I can’t believe it February already. For those of you who watch, happy Super Bowl. For those of you who live in NY, like me, I hope you’re ready for another snowstorm.

Here’s a video I mentioned a few days ago which is geared for beginner bass players. Its about how to identify and play chord progressions. The video is centered on what I believe is the most popular progression – the I-IV-V, and the presenter, Scott Grove, uses country music as his main vehicle for explaining it to us, because he says that country and 50’s style rock-n-roll are simple and easy to follow.

Beginner Bass Guitar Lesson Hearing Bass Drum And Chord Changes Scott Grove

I watched and played along to this 3 nights ago but need to do it again as a refresher. Scott has us play a bassline in C. Because its a I-IV-V progression, it means that the I is C, the IV is F and the V is G. You can actually figure this out by doing the following:

  1. Write out a C major scale
  2. Pick the 1st, 4th and 5th notes in the scale (the I, IV and V, respectively)
  3. Those are the root notes for chords played in that sequence, so I-IV-V in C is C-F-G
Notes in a I-IV-V progression in C

Notes in a I-IV-V progression in C

So, basically, when we play something (chords, a pattern or riff, or whatever) on the “I” part of the progression, our root is C. When we play something on the IV, the root is F and when we play on the V, the root is G. That’s all there is to it.

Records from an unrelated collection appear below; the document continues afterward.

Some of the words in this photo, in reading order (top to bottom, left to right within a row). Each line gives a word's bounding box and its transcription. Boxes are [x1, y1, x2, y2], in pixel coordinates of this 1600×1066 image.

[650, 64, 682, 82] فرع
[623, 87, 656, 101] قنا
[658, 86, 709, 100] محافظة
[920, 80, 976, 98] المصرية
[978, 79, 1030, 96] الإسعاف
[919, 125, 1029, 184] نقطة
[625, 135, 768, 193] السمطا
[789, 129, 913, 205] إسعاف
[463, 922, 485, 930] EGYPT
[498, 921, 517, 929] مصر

Just as another example, here are the notes for a I-IV-V progression in the key of G:

Notes in a I-IV-V progression in G

Notes in a I-IV-V progression in G

So, the root notes for this I-IV-V progression are G-C-D.

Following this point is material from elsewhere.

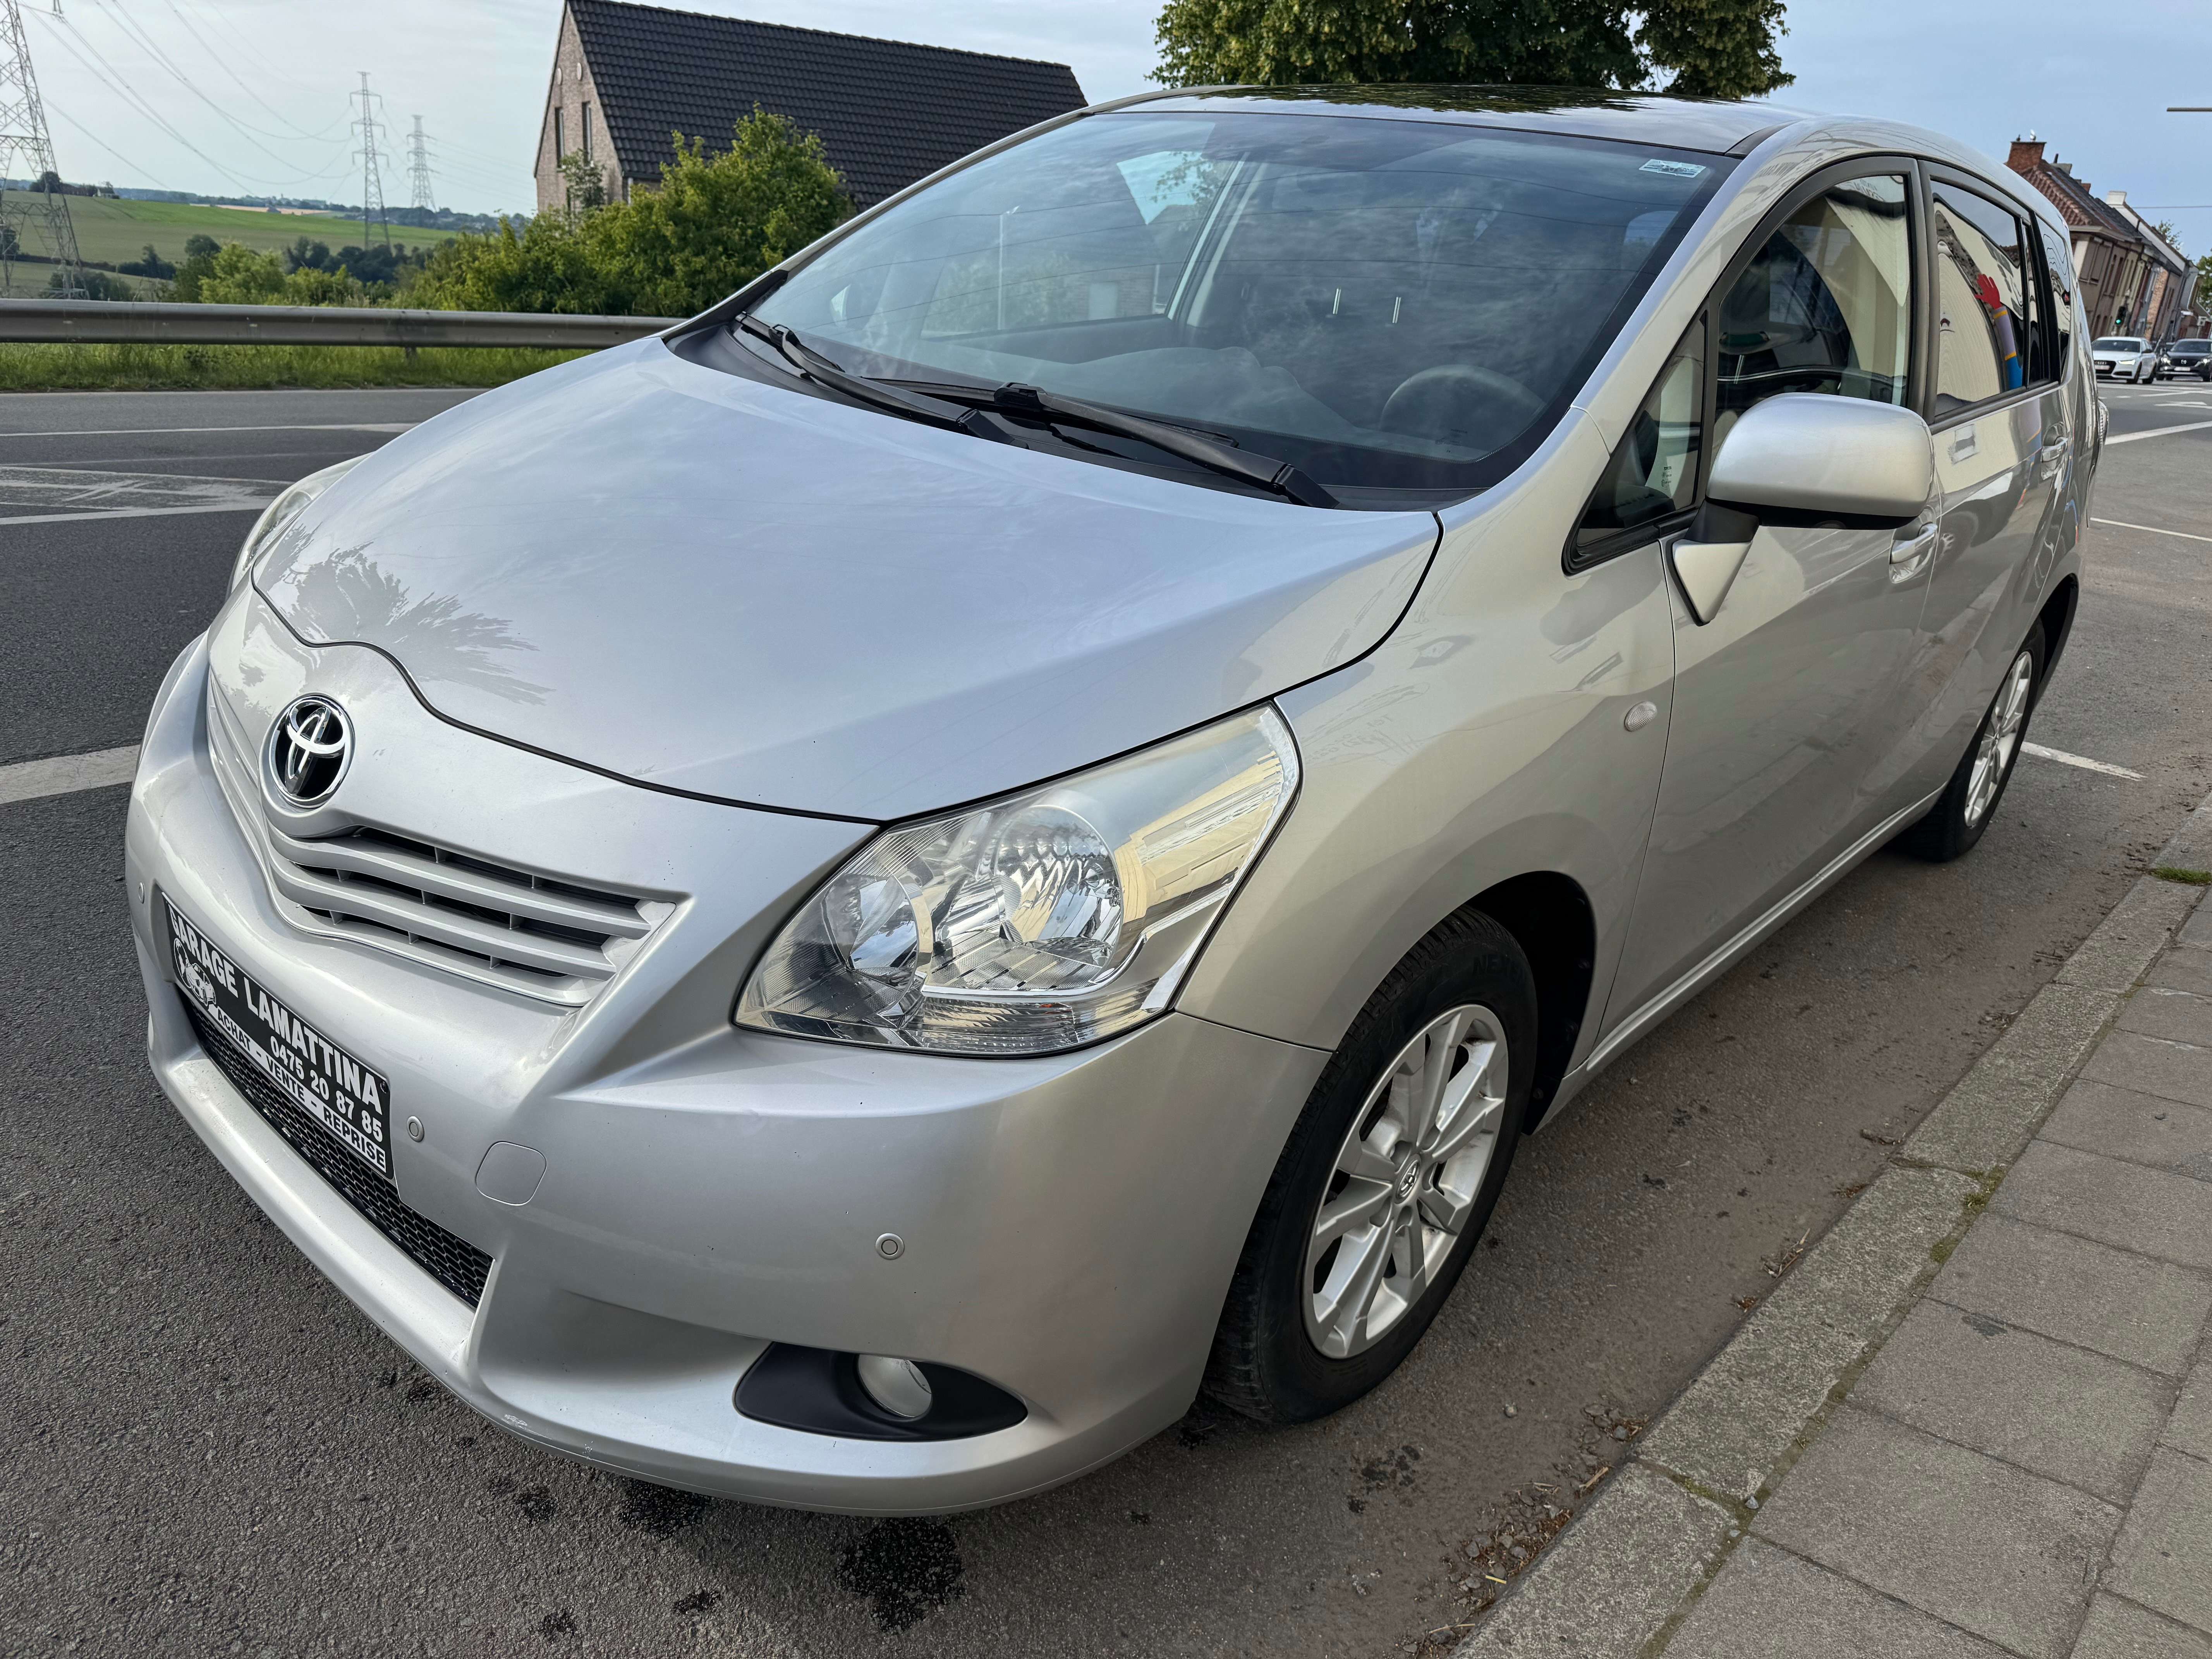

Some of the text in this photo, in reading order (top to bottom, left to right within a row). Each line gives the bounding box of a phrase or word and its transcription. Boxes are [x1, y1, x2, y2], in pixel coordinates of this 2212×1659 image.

Ok, the video tells us that those are the notes in the progression, which is the sequence of chords that make up the song. It also says that we basically want to try to play a note when the bass drum is hit. I remember reading advice saying the same thing elsewhere. Initially, that’s all we should do, as beginners, only so that we can learn to follow the chord changes. Once we have an idea of how to do that, I think we can start to come up with riffs or patterns to play in each part of the sequence.

This chord progression stuff seems to tie in with the Cycle of Fourths. I believe that if you choose a note in the Cycle, then the note that comes after it is a fourth away, and the note that comes before the one you picked Is a fifth away. So, looking at the Cycle, the selected note, the note on its right and then the one on its left are the I, IV and V.

I’ll write more about this and also post up a picture of the actual Circle/Cycle later.